* [AIM OF THE EXERCISE] Take every record and write it out again exactly, with no images included.

* [DATASET CONTENT]
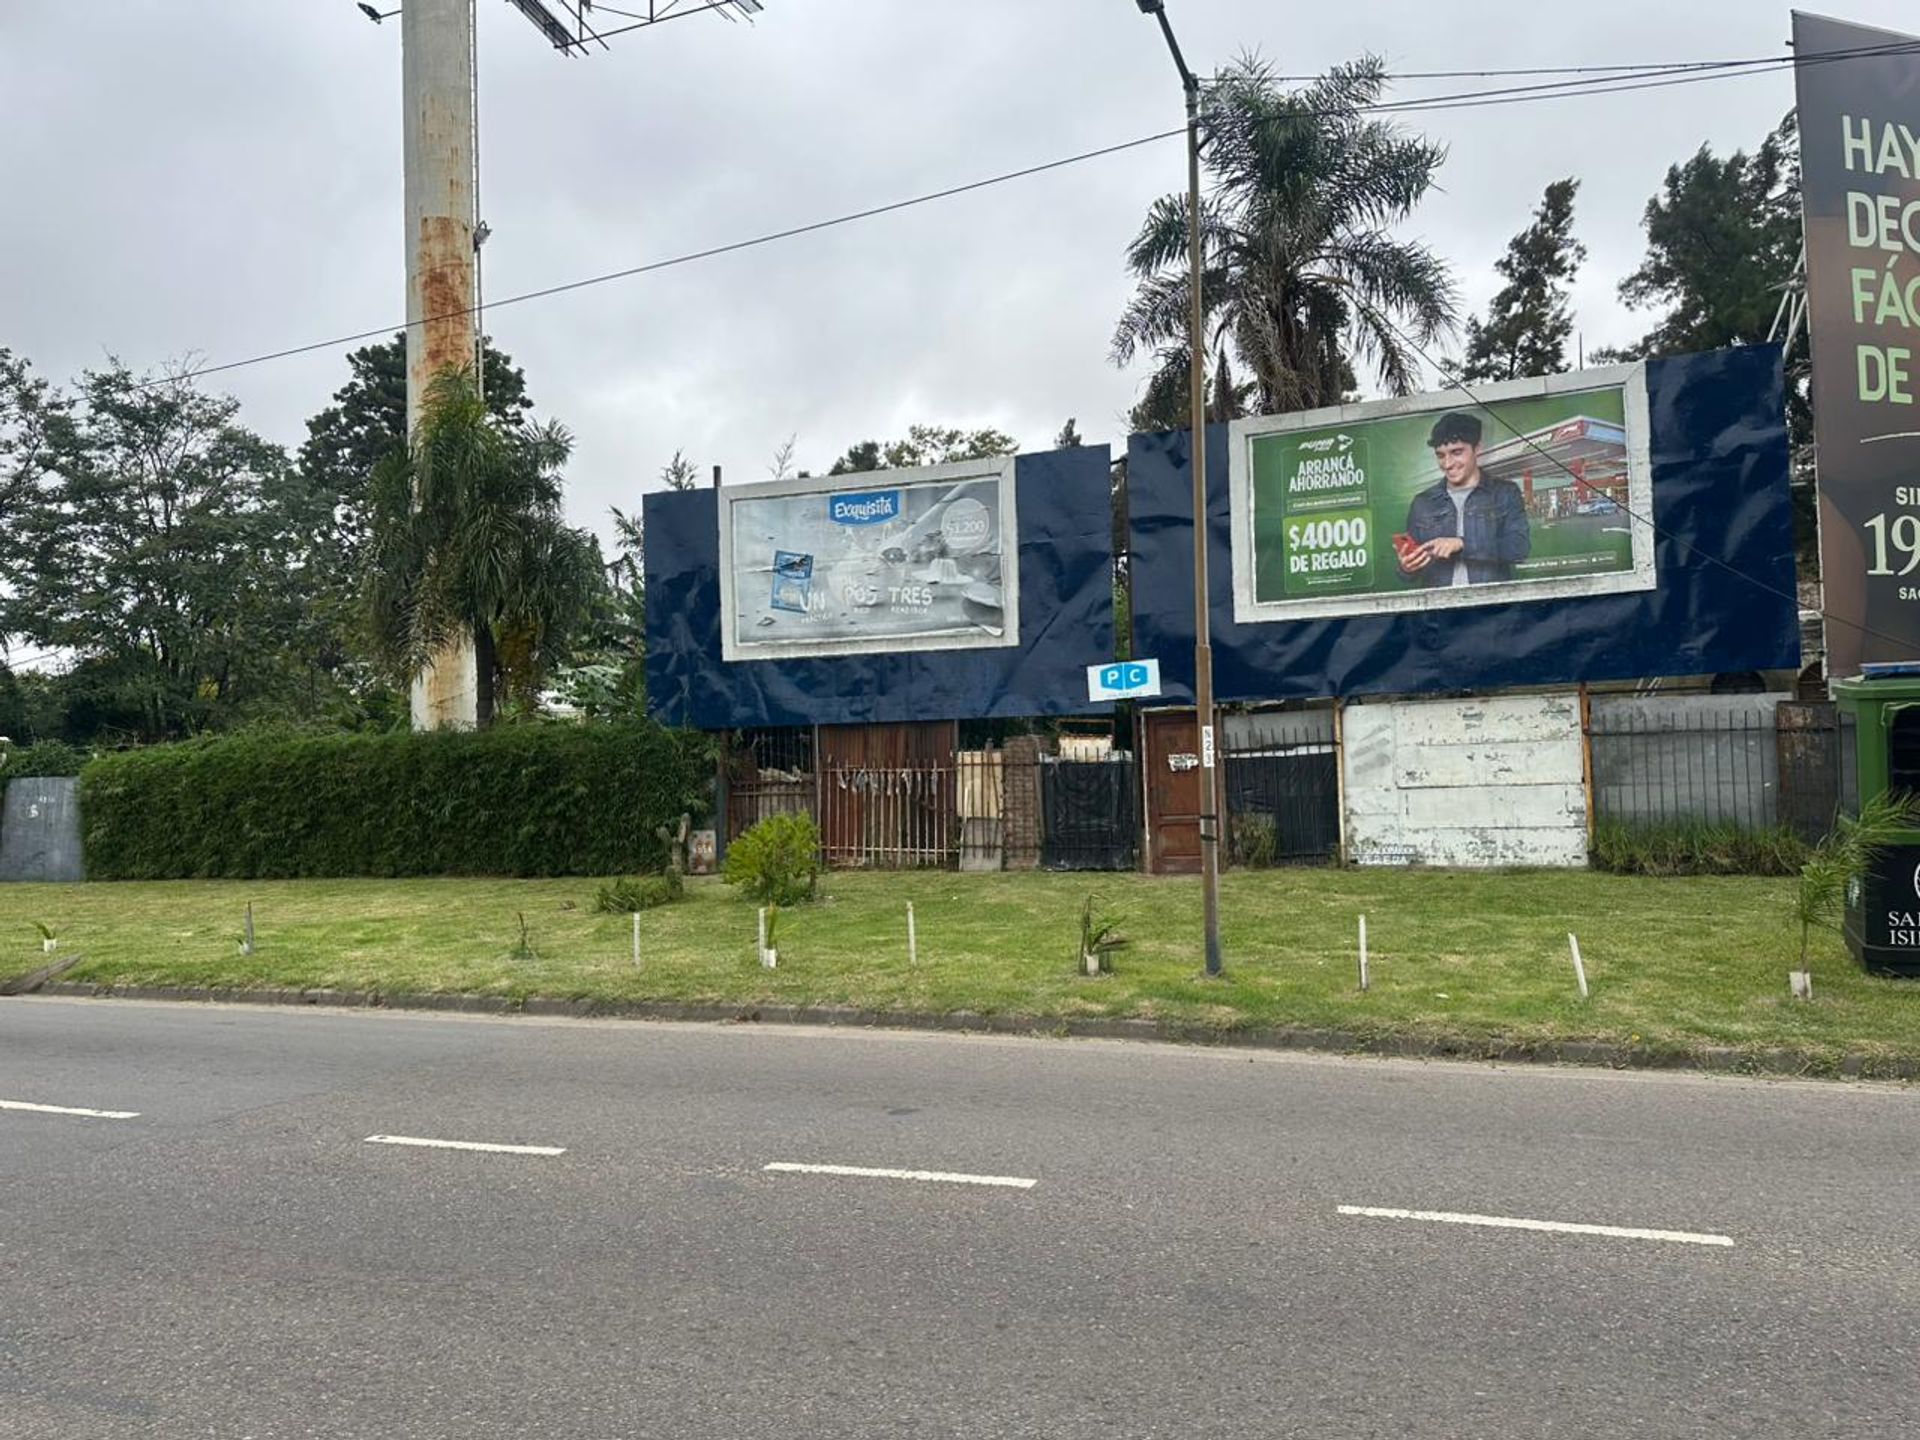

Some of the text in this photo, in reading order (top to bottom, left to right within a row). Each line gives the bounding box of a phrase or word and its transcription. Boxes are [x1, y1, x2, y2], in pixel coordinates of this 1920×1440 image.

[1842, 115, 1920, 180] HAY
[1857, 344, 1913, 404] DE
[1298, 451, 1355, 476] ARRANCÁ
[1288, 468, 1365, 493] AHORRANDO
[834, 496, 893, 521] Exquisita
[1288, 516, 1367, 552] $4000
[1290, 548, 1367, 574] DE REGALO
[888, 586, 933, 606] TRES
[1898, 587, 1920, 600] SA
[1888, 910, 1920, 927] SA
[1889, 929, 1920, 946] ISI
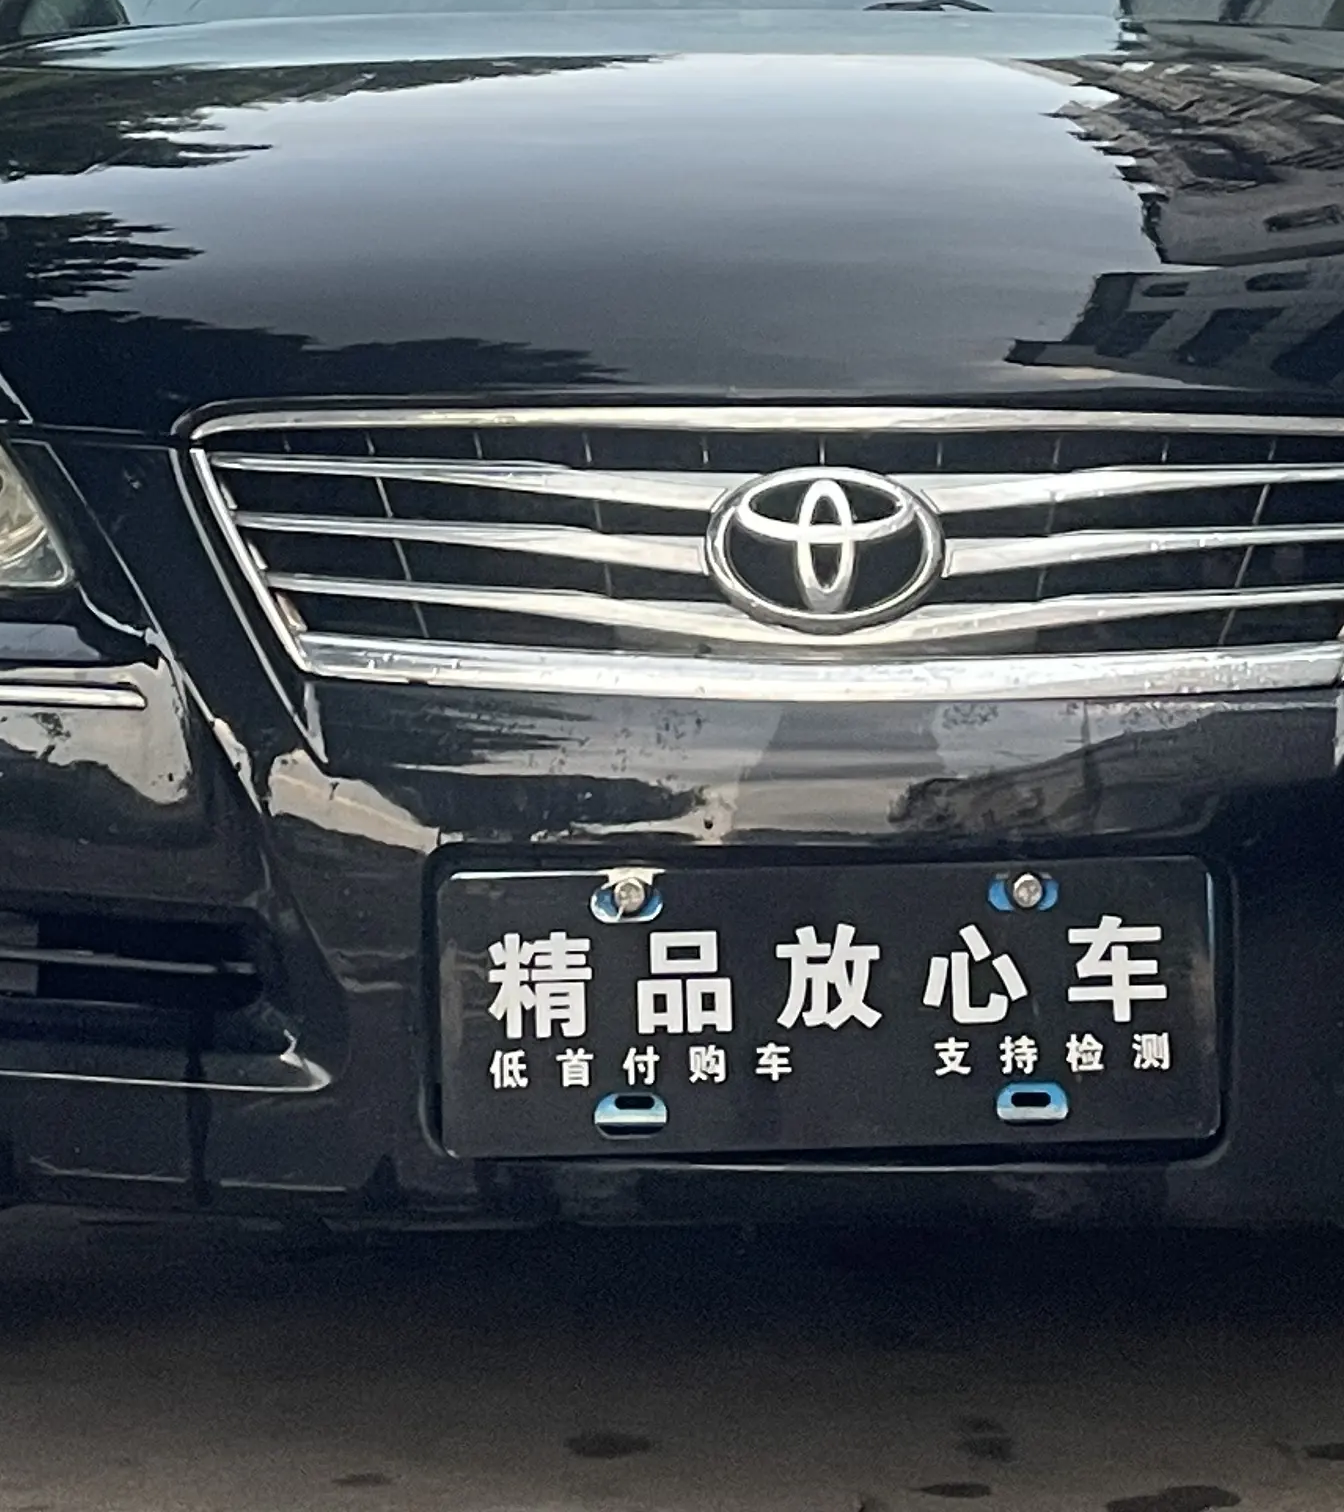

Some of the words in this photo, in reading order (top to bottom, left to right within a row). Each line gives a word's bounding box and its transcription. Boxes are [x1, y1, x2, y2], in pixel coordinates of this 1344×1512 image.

* [OUTPUT OF THE EXERCISE]
Some of the text in this photo, in reading order (top to bottom, left to right within a row). Each line gives the bounding box of a phrase or word and its transcription. Boxes are [x1, y1, x2, y2], in pixel coordinates of this 1920×1440 image.

[1842, 115, 1920, 180] HAY
[1857, 344, 1913, 404] DE
[1298, 451, 1355, 476] ARRANCÁ
[1288, 468, 1365, 493] AHORRANDO
[834, 496, 893, 521] Exquisita
[1288, 516, 1367, 552] $4000
[1290, 548, 1367, 574] DE REGALO
[888, 586, 933, 606] TRES
[1898, 587, 1920, 600] SA
[1888, 910, 1920, 927] SA
[1889, 929, 1920, 946] ISI

Some of the words in this photo, in reading order (top to bottom, left to right within a row). Each line gives a word's bounding box and its transcription. Boxes are [x1, y1, x2, y2], in pixel coordinates of this 1344×1512 image.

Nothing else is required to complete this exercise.